MW: It is probably not by accident that architects like Zaha Hadid or Herzog & de Meuron have been asked to design for opera rather than theatre. In opera, the score is there from the start, and unchangeable. The music is always more important than the story. It is made up from acts, arias, duets, etc for which the artistic team then designs tableaus or images. Opera spaces are mostly still clearly structured with a front-on audience, a proscenium arch, and the orchestra placed between audience and singers. And finally, the opera machine is a big one – designs are often handed in and built a year prior to the start of rehearsals.

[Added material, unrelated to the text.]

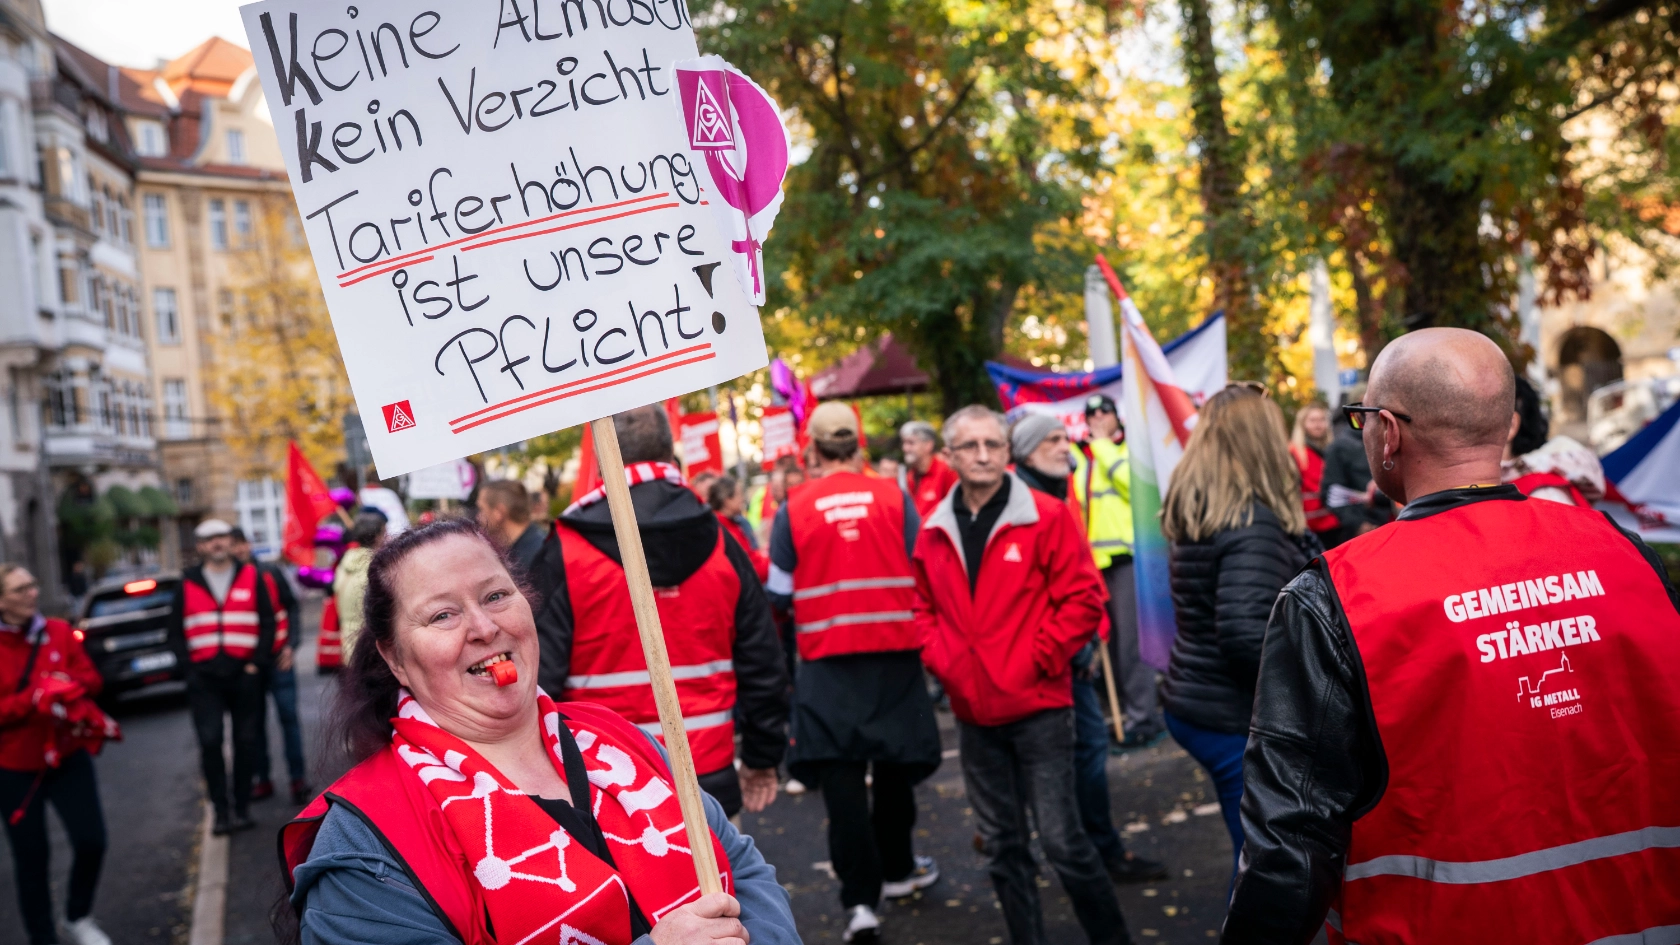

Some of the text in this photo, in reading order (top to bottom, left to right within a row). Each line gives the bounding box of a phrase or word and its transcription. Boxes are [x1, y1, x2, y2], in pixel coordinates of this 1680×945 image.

With plays it is a different thing. Often, when starting rehearsals, it is unclear whether bits of the text will be cut, whether there will be improvisations added, etc. So here it is much more about finding a world within which things may still develop during the rehearsal process. Hence, design for theatre also means attending rehearsals and reacting to things which are invented during them. I don’t believe Zaha Hadid would be able to spare the time.
TW: Apart from these one-off experiments, are there any professional crossovers between the worlds of architecture and set design?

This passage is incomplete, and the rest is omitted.